▶ What you should do: The expected result is the full set of records, copied precisely, with images dropped.

------------------------

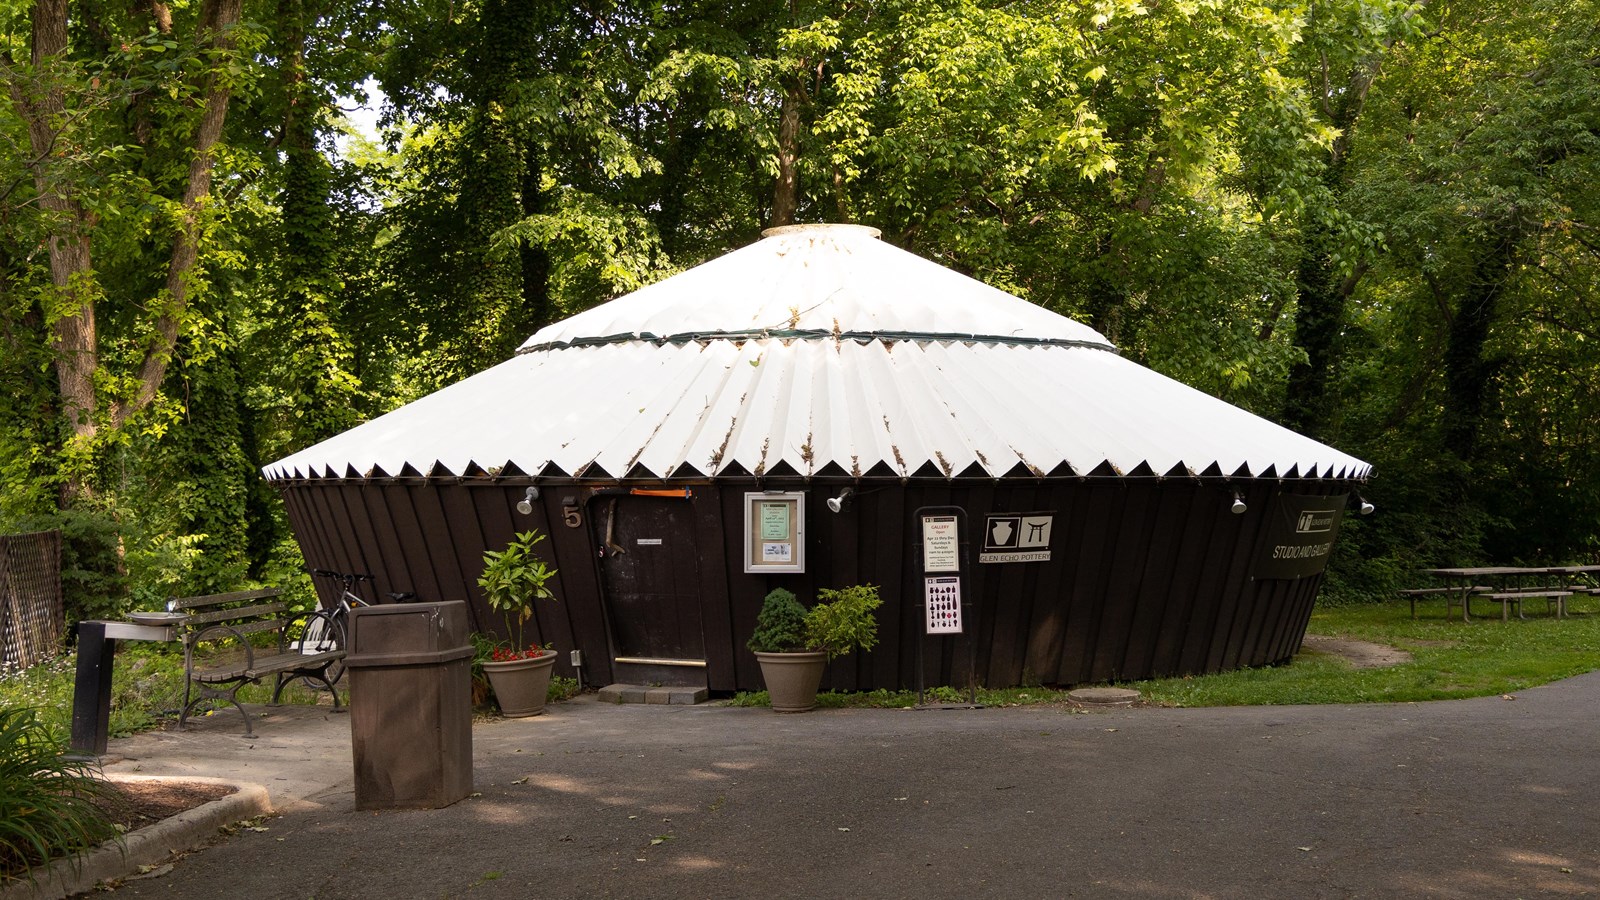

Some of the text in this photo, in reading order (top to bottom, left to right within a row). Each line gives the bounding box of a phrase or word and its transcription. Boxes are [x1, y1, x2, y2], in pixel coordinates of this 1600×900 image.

[563, 506, 582, 528] 5
[1272, 545, 1301, 559] STUDIO
[1298, 545, 1312, 558] AND
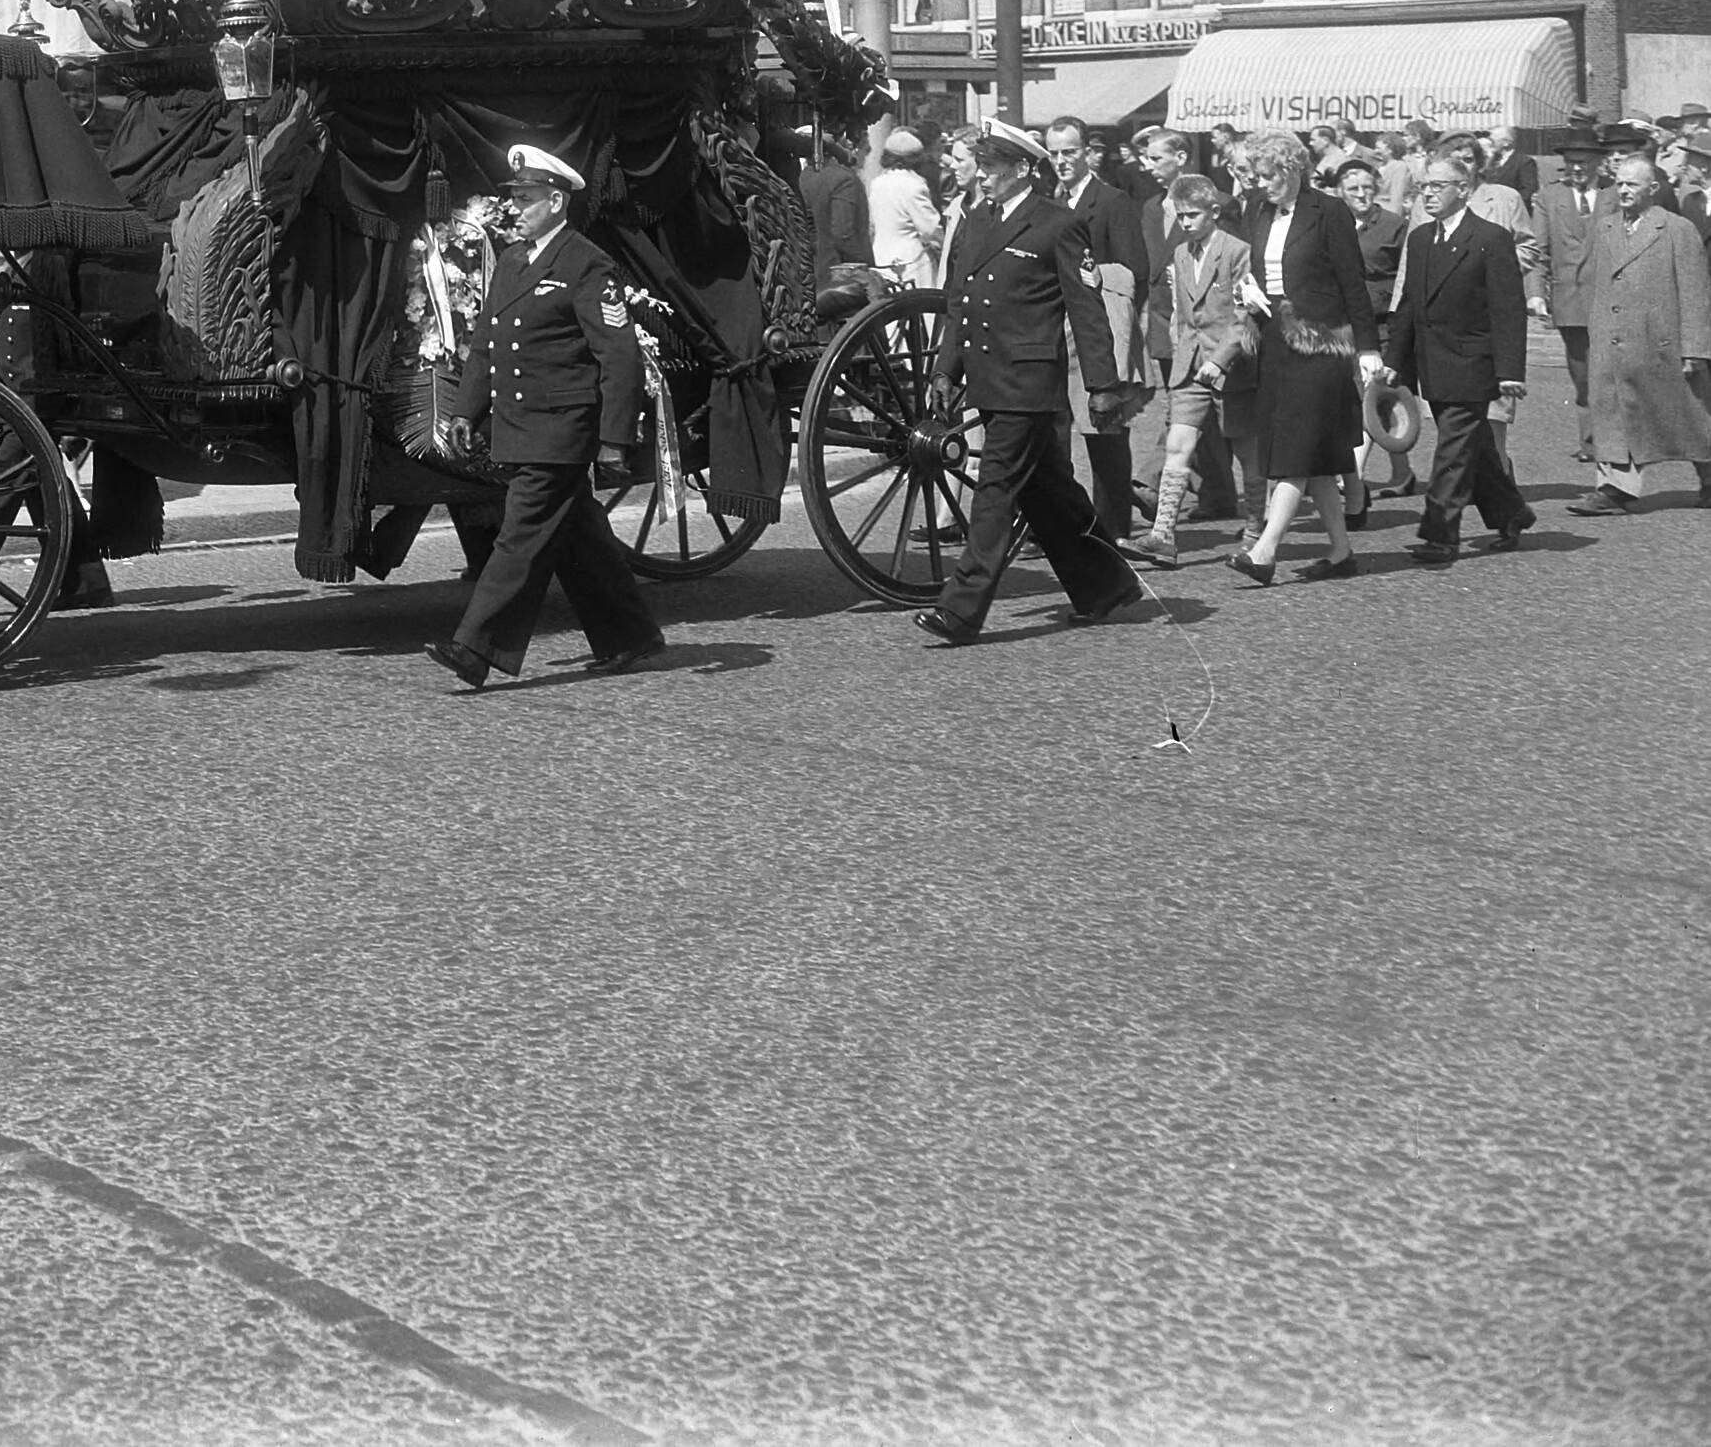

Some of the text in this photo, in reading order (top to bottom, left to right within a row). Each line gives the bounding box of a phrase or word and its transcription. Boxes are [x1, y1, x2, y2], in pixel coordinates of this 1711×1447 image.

------------------------

▶ Reply:
Some of the text in this photo, in reading order (top to bottom, left to right within a row). Each line gives the bounding box of a phrase or word and its transcription. Boxes are [x1, y1, x2, y2], in pixel coordinates of this 1600×900 image.

[563, 506, 582, 528] 5
[1272, 545, 1301, 559] STUDIO
[1298, 545, 1312, 558] AND

Some of the text in this photo, in reading order (top to bottom, left to right within a row). Each line gives the bounding box of a phrase or word and its transcription. Boxes are [x1, y1, x2, y2], in pixel coordinates of this 1711×1447 image.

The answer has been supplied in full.